→ **Exercise data**:
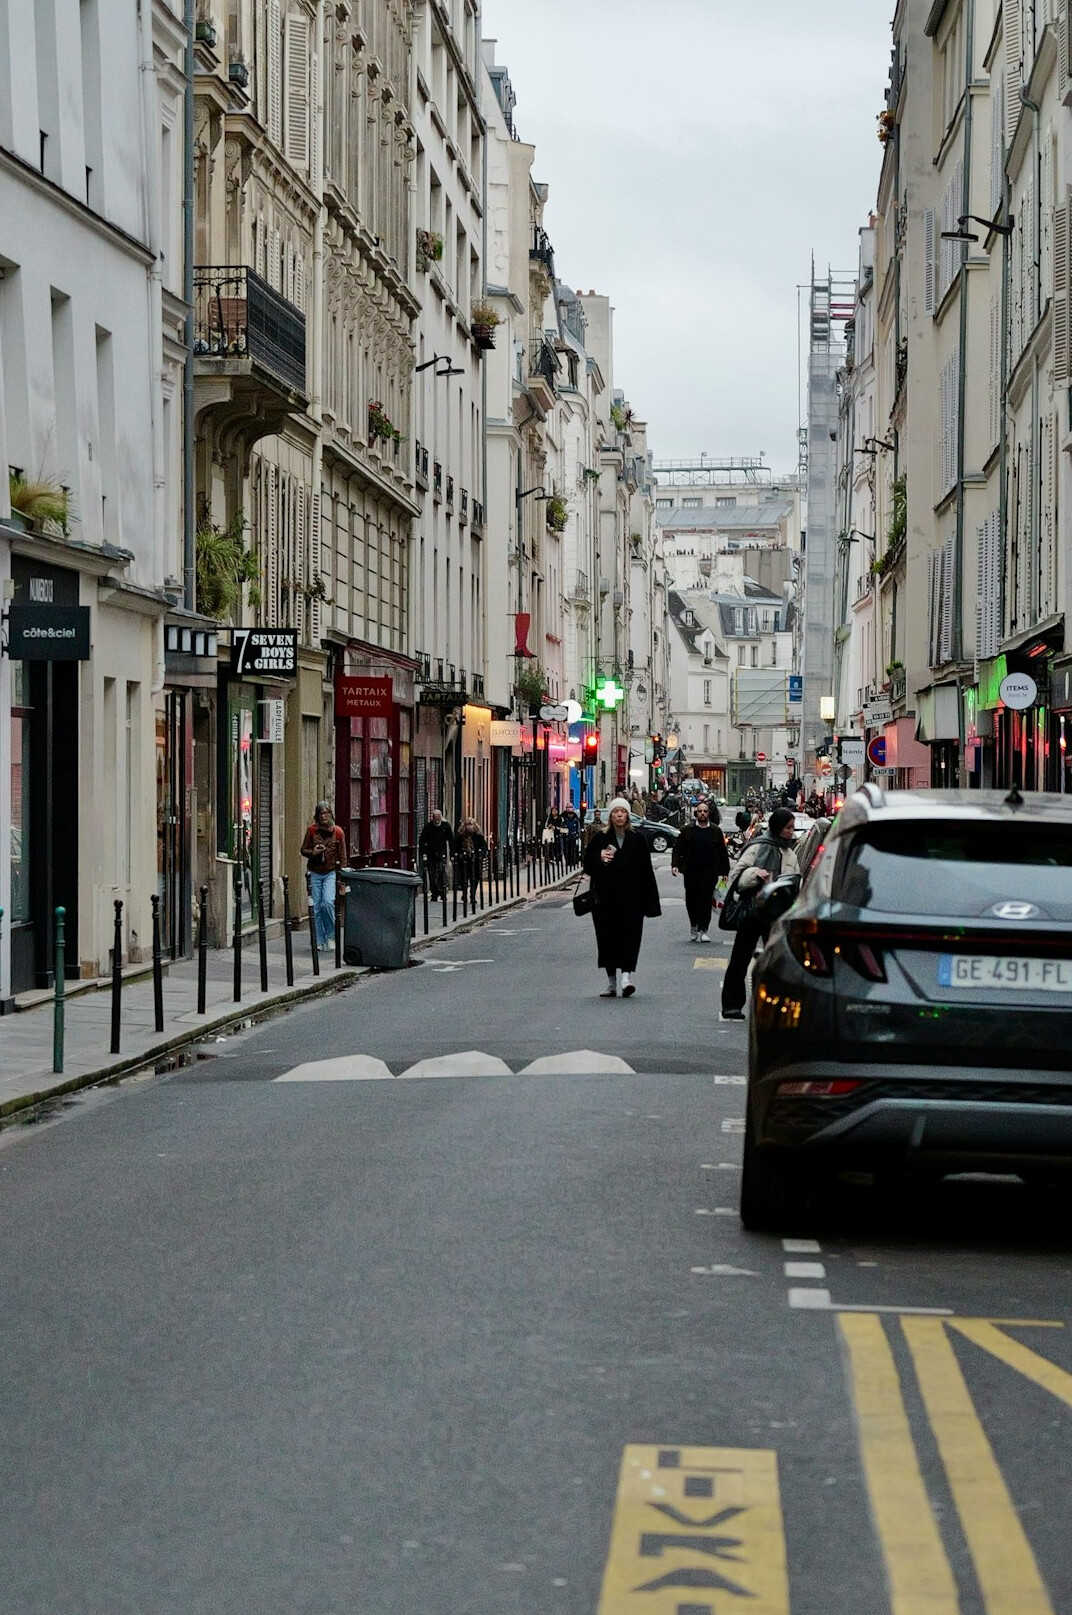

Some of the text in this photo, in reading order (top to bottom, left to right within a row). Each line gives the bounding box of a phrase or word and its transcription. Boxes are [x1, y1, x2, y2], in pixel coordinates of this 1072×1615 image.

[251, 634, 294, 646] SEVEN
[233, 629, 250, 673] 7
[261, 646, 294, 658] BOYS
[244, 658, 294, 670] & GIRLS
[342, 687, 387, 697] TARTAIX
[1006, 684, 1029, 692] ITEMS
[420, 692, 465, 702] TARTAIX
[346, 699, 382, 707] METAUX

→ **How to complete this task**: Leave images out of the retyped records; keep all else exact.

→ **Your response**:
Some of the text in this photo, in reading order (top to bottom, left to right within a row). Each line gives the bounding box of a phrase or word and its transcription. Boxes are [x1, y1, x2, y2], in pixel coordinates of this 1072×1615 image.

[251, 634, 294, 646] SEVEN
[233, 629, 250, 673] 7
[261, 646, 294, 658] BOYS
[244, 658, 294, 670] & GIRLS
[342, 687, 387, 697] TARTAIX
[1006, 684, 1029, 692] ITEMS
[420, 692, 465, 702] TARTAIX
[346, 699, 382, 707] METAUX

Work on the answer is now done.